YOUR TASK >> Would you return the listing that follows exactly, leaving its pictures behind?

###

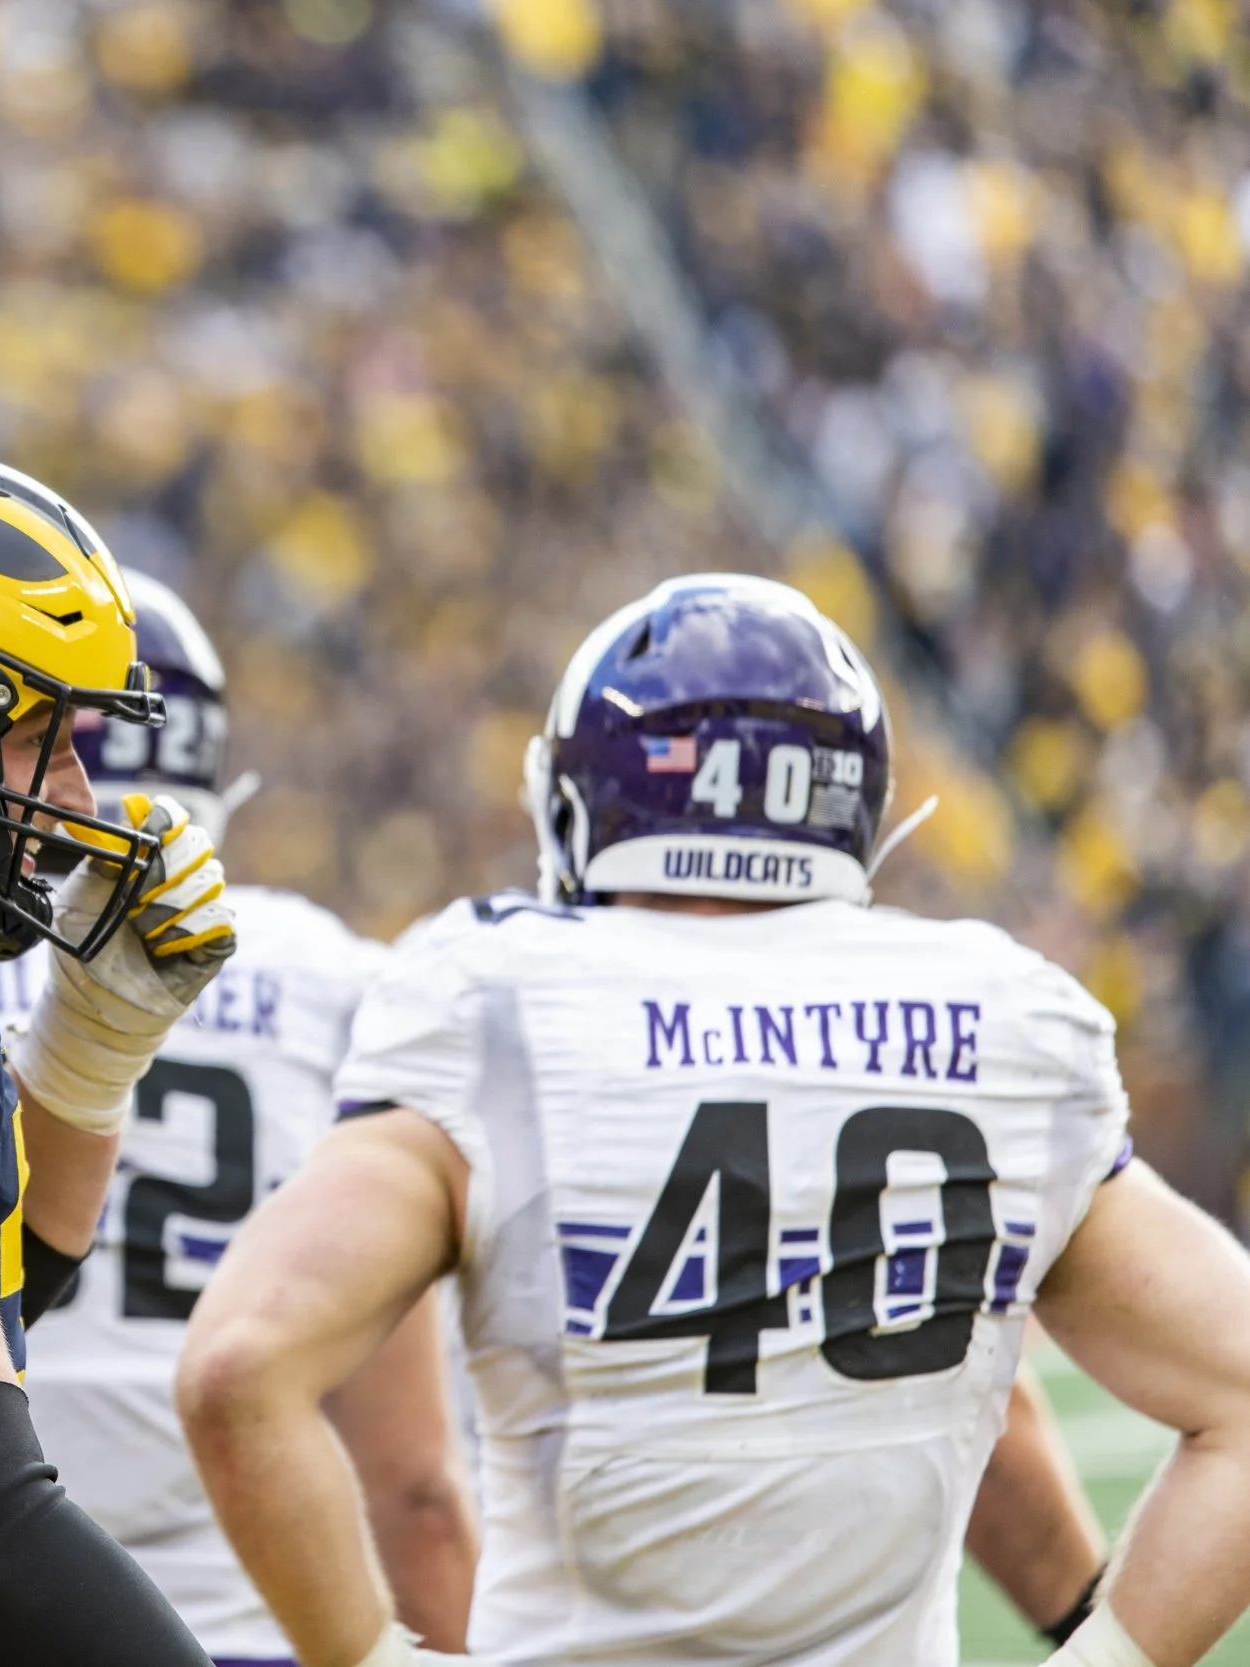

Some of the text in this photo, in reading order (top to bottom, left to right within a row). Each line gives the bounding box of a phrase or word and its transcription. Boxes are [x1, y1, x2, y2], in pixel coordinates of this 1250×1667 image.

[664, 848, 813, 888] WILDCATS
[643, 1000, 981, 1083] McINTYRE
[598, 1100, 999, 1396] 40
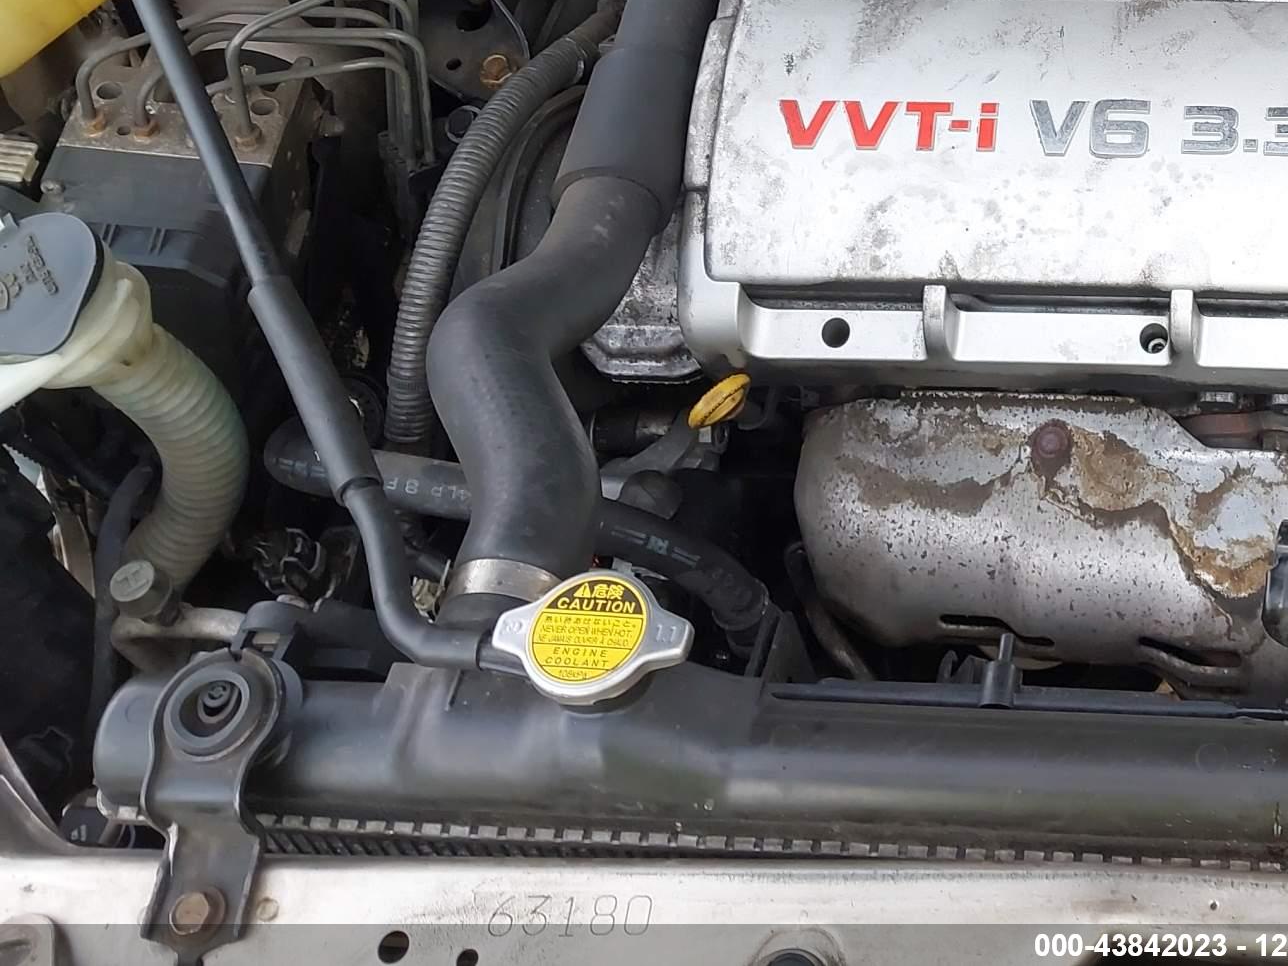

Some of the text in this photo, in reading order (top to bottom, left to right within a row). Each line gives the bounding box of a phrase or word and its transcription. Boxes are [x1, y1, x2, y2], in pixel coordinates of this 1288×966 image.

[779, 99, 1000, 152] VVT-i
[1029, 98, 1152, 158] V6
[592, 584, 625, 599] 危険
[557, 597, 636, 613] CAUTION
[553, 646, 609, 658] ENGINE
[545, 656, 609, 667] COOLANT
[487, 894, 653, 938] 63180

###

RESULT OF THE EXERCISE >>
Some of the text in this photo, in reading order (top to bottom, left to right within a row). Each line gives the bounding box of a phrase or word and its transcription. Boxes are [x1, y1, x2, y2], in pixel coordinates of this 1250×1667 image.

[664, 848, 813, 888] WILDCATS
[643, 1000, 981, 1083] McINTYRE
[598, 1100, 999, 1396] 40

Some of the text in this photo, in reading order (top to bottom, left to right within a row). Each line gives the bounding box of a phrase or word and its transcription. Boxes are [x1, y1, x2, y2], in pixel coordinates of this 1288×966 image.

[779, 99, 1000, 152] VVT-i
[1029, 98, 1152, 158] V6
[592, 584, 625, 599] 危険
[557, 597, 636, 613] CAUTION
[553, 646, 609, 658] ENGINE
[545, 656, 609, 667] COOLANT
[487, 894, 653, 938] 63180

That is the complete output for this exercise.